**ABOUT THIS EXERCISE:** All entries must be set down once more, precisely as given.

[Stored data entries]
══════════

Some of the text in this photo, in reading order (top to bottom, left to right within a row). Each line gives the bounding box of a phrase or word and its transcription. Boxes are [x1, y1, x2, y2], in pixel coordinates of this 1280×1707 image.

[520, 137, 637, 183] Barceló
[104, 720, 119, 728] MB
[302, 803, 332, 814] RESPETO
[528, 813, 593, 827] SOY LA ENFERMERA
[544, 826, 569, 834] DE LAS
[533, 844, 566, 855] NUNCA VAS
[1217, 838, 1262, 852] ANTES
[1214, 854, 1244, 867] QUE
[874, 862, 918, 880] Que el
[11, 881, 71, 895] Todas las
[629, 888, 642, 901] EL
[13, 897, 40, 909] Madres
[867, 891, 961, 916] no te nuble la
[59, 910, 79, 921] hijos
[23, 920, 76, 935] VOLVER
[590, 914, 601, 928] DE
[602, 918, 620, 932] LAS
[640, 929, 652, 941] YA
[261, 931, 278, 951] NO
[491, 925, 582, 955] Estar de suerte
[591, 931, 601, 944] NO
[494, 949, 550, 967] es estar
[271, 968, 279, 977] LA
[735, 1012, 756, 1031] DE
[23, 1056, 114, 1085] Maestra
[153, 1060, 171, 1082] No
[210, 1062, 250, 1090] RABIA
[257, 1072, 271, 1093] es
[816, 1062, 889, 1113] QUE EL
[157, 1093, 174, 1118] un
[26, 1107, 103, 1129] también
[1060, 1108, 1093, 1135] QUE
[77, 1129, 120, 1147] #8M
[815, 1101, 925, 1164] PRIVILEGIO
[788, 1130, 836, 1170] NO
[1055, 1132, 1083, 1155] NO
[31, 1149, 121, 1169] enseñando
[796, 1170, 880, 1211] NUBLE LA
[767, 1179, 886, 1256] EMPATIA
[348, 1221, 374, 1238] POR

══════════

**SOLUTION TO THE PROBLEM:**
Some of the text in this photo, in reading order (top to bottom, left to right within a row). Each line gives the bounding box of a phrase or word and its transcription. Boxes are [x1, y1, x2, y2], in pixel coordinates of this 1280×1707 image.

[520, 137, 637, 183] Barceló
[104, 720, 119, 728] MB
[302, 803, 332, 814] RESPETO
[528, 813, 593, 827] SOY LA ENFERMERA
[544, 826, 569, 834] DE LAS
[533, 844, 566, 855] NUNCA VAS
[1217, 838, 1262, 852] ANTES
[1214, 854, 1244, 867] QUE
[874, 862, 918, 880] Que el
[11, 881, 71, 895] Todas las
[629, 888, 642, 901] EL
[13, 897, 40, 909] Madres
[867, 891, 961, 916] no te nuble la
[59, 910, 79, 921] hijos
[23, 920, 76, 935] VOLVER
[590, 914, 601, 928] DE
[602, 918, 620, 932] LAS
[640, 929, 652, 941] YA
[261, 931, 278, 951] NO
[491, 925, 582, 955] Estar de suerte
[591, 931, 601, 944] NO
[494, 949, 550, 967] es estar
[271, 968, 279, 977] LA
[735, 1012, 756, 1031] DE
[23, 1056, 114, 1085] Maestra
[153, 1060, 171, 1082] No
[210, 1062, 250, 1090] RABIA
[257, 1072, 271, 1093] es
[816, 1062, 889, 1113] QUE EL
[157, 1093, 174, 1118] un
[26, 1107, 103, 1129] también
[1060, 1108, 1093, 1135] QUE
[77, 1129, 120, 1147] #8M
[815, 1101, 925, 1164] PRIVILEGIO
[788, 1130, 836, 1170] NO
[1055, 1132, 1083, 1155] NO
[31, 1149, 121, 1169] enseñando
[796, 1170, 880, 1211] NUBLE LA
[767, 1179, 886, 1256] EMPATIA
[348, 1221, 374, 1238] POR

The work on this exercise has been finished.